Livers donated after cardiac death safe to use in liver cancer
Volume 4, Issue 3, 2015
Expanding donation options could help reduce organ shortages for liver transplants.
Kristopher (Kris) P. Croome, M.D.
Some patients with liver cancer can be cured with a liver transplant. But because of the shortage of donated organs, these patients often die waiting for a liver. That's partly because most transplant centers typically use livers only from donors who die of brain death.
But in the largest study of its kind, transplant physicians at Mayo Clinic's campus in Florida have found that liver cancer patients have the same beneficial outcomes whether using livers from donors who died after certain cases of cardiac death or after brain death. The study was published in the American Journal of Transplantation in May 2015.
"Our program has one of the largest experiences in the world with liver transplants using donations after cardiac death," said the study's lead investigator, transplant surgeon Kristopher (Kris) P. Croome, M.D. "We now know that these organs effectively offer new life for patients with liver cancer. I believe this study firmly and finally answers the question as to whether liver donations after cardiac death are as viable for patients with liver cancer as are livers from donors who die from brain death. They are."
Using organs after cardiac death for liver transplants could increase the number of transplants performed by 10 percent to 15 percent nationwide, Dr. Croome said, possibly reducing some of the organ shortage.
"One reason why the wait time for liver transplant is short at Mayo Clinic's campus in Florida is that we efficiently and successfully use both types of donated livers," he said. "But nationwide, over the last decade, the transplant list and the number of liver cancer patients have been increasing."

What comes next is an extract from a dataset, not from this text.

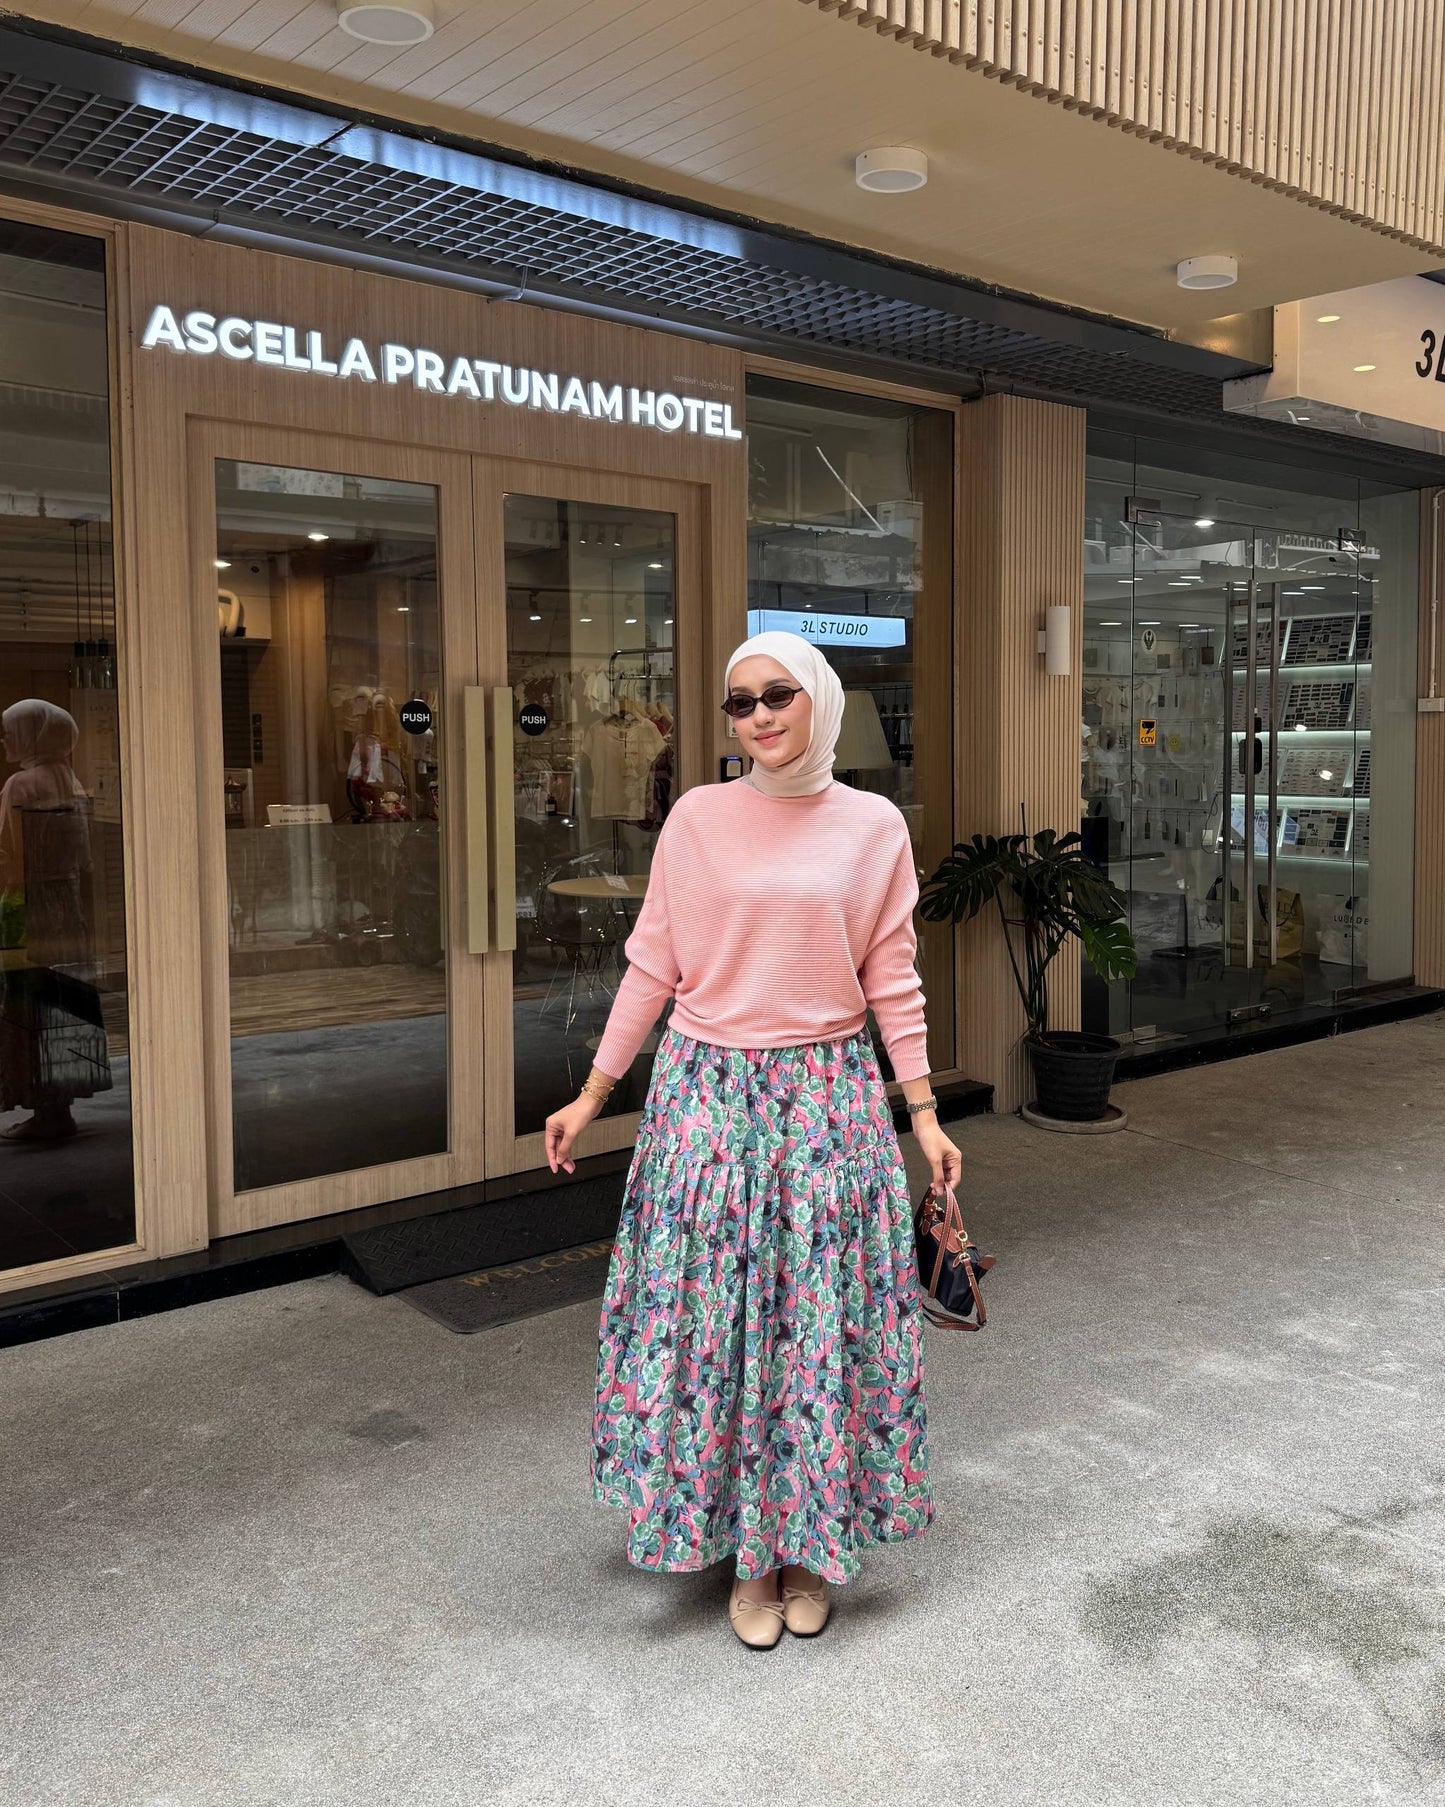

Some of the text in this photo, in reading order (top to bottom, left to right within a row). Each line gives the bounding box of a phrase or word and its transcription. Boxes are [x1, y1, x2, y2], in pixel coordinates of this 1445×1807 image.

Some studies have suggested that liver donation after cardiac death has inferior results in patients with liver cancer because the donated liver sustains some damage from loss of oxygen during organ recovery. The concern has been that these donor livers may not be healthy enough to fight off development of new cancer if donor recipients have any circulating tumor cells at the time of transplant, Dr. Croome said.
But his research study found that wasn't the case.
Between 2003 and 2012, the team from the Transplant Center at Mayo Clinic's campus in Florida transplanted 1,633 livers using organs from donors with brain death and 241 livers from donors with cardiac death.
In this study, the investigators identified 397 liver cancer patients who received a new liver — 340 patients who received a liver after brain death and 57 patients who received a liver after cardiac death. Researchers found no difference in liver cancer recurrence between the two groups: Liver cancer recurred in about 12 percent of patients in both donor groups.
A person who dies of a heart attack is not considered for liver donation. Instead, cardiac death is controlled in a patient who has decided to be an organ donor.
"This can occur, for example, in a patient who has had a bad brain injury and will not recover," Dr. Croome explained. "In this controlled setting, with the purpose of donating organs, a patient is taken off life support and will pass into death. Then after a short time period, the organs will be recovered and donated."